In a similar way, I would find it hard to believe that anyone would accept a lower standard of care from his or her mental health provider. As asked by one of the many luminaries in the field of neuropsychology, “If you are receiving the service, would you want anything less than full training of your healthcare professional?” Put another way, would you accept treatment from someone who completed a quick online webinar, who now touts him or herself as an expert? If given the choice, wouldn’t you prefer a provider who graduated from a program monitored for quality, accuracy and adherence to well-established standards in the field? Wouldn’t you choose the provider who then went on to obtain national recognition of their knowledge and expertise through board certification?


The American Board of Professional Psychology (ABPP), established in 1947, is the primary organization for specialty board certification in psychology. Its establishment is supported and recognized by the American Psychological Association (APA). Presently, there are 15 specialty boards under the umbrella of ABPP, in areas such as clinical neuropsychology, rehabilitation psychology, school psychology and forensic psychology, among others. This overarching board serves the public by promoting “quality psychological services by the examination and certification of professional psychologist engaged in specialty practice.” Most importantly, board certification through the American Board of Professional Psychology (ABPP) provides peer and public recognition of demonstrated competence in its affiliated specialty areas.


There is no overarching entity, legal or governing body to prevent sham programs from being created or incompetent practitioners form practicing. There will always be programs that attempt to sell a product or service where (1) the individual is utterly unqualified to provide said service or (2) the service has not been found to demonstrate scientific empirical (or research) support to substantiate its claims. Put simply, it has not demonstrated that it can do what it claims it does. What can be done, however, is promotion of conscious consumerism: the encouragement for transparency of credentials demonstrating competence, achieved by health care professionals, with equal encouragement for questions about training and expertise welcomed by the care professional.

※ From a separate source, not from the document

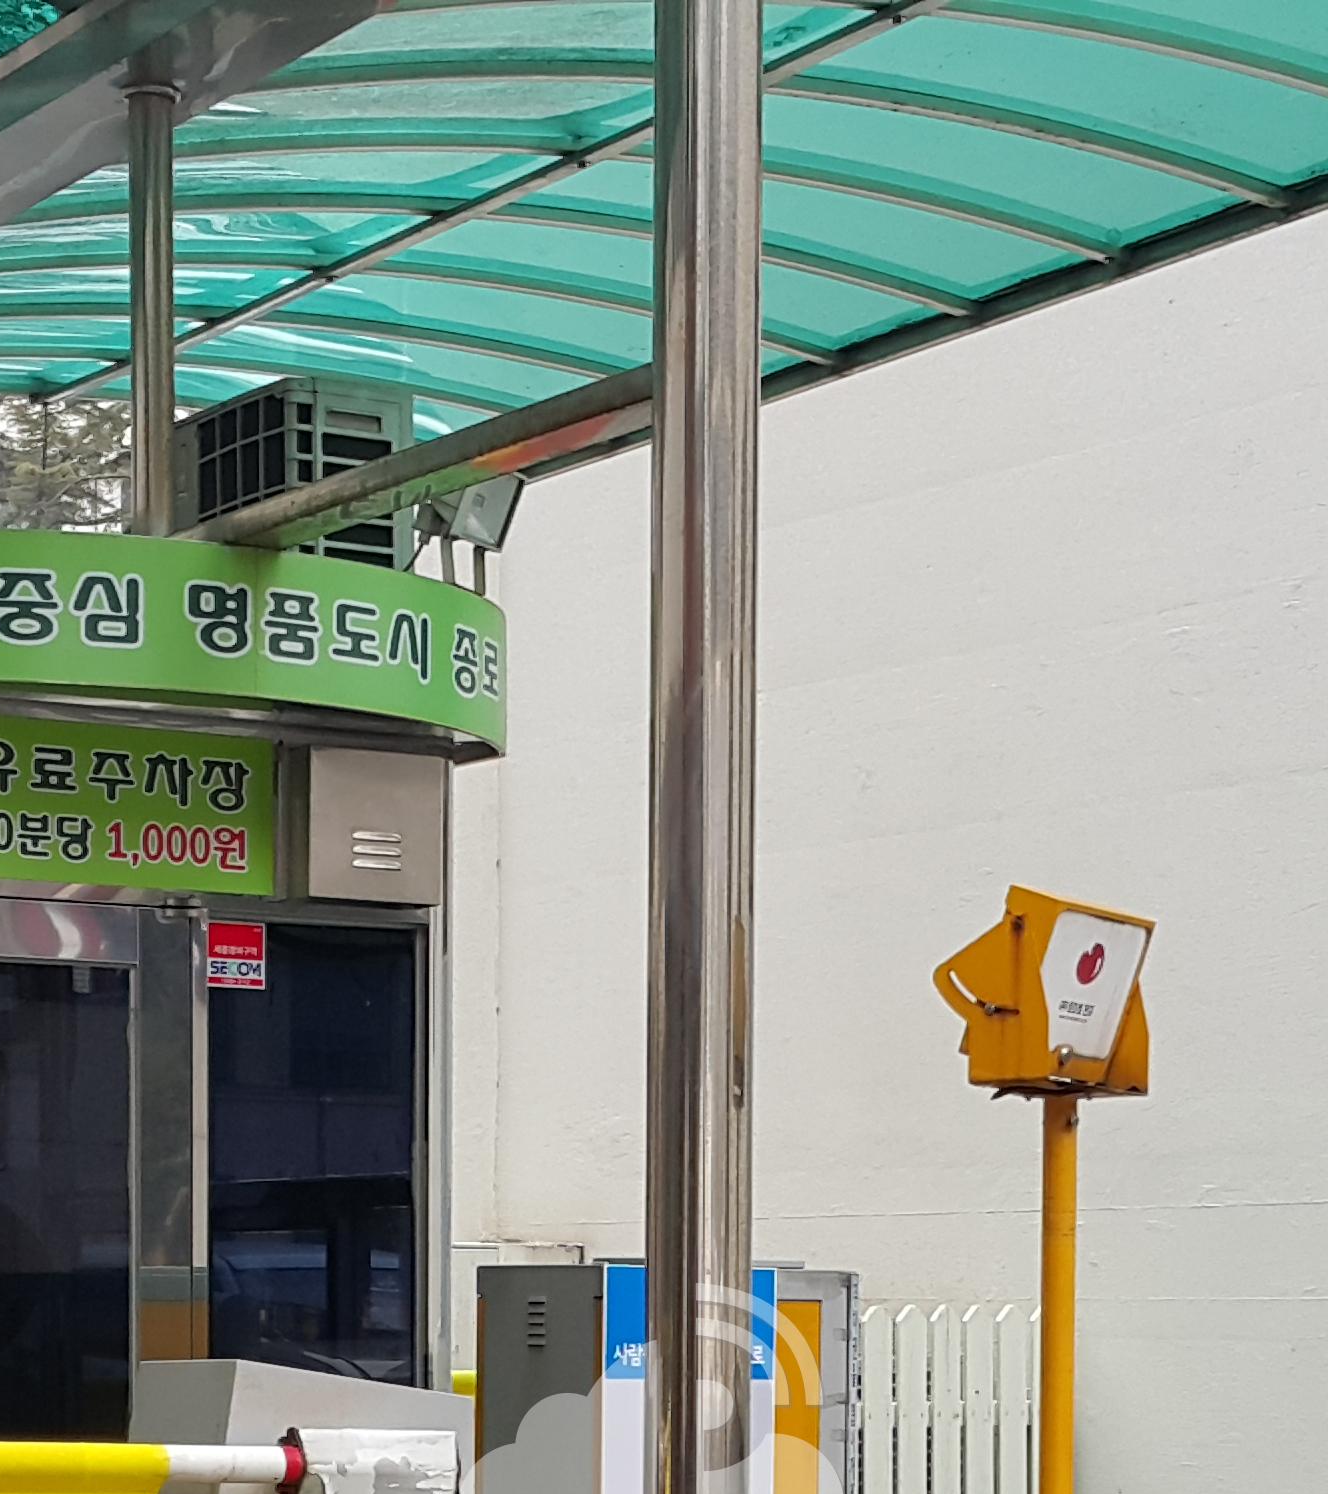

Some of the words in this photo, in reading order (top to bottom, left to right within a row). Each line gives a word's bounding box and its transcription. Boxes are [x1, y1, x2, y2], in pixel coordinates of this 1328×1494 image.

The following are a couple of suggested questions that should be welcomed by your healthcare provider:

1. Where did you attend medical school and/or obtain your doctorate?

2. Did you complete an internship or residency? If so, where and with what area of specialty?

3. Have you obtained board certification in your area of specialty?

4. Is this board certification obtained from a well-established board (e.g., a member board of the American Board of Medical Specialties (ABMS), such as the American Board of Obstetrics & Gynecology, the American Board of Internal Medicine, and for psychological specialties, the American Board of Professional Psychology)?


It would be an immediate red flag to me if the provider I was seeing for treatment was unable or unwilling to share answers to these questions. If anything, I would hope that my treating provider would appreciate my due diligence and verification of his or her qualifications. I too, would then feel at ease when discussing my treatment plan moving forward.


Here at NPANJ, we know that you have a choice when seeking a medical or psychological provider. As discussed on our website, we maintain the highest level of training in clinical neuropsychology and hold ourselves to the highest of standards of competence and excellence in patient care. We hope this information proves helpful when considering a new treatment provider, in any field or discipline.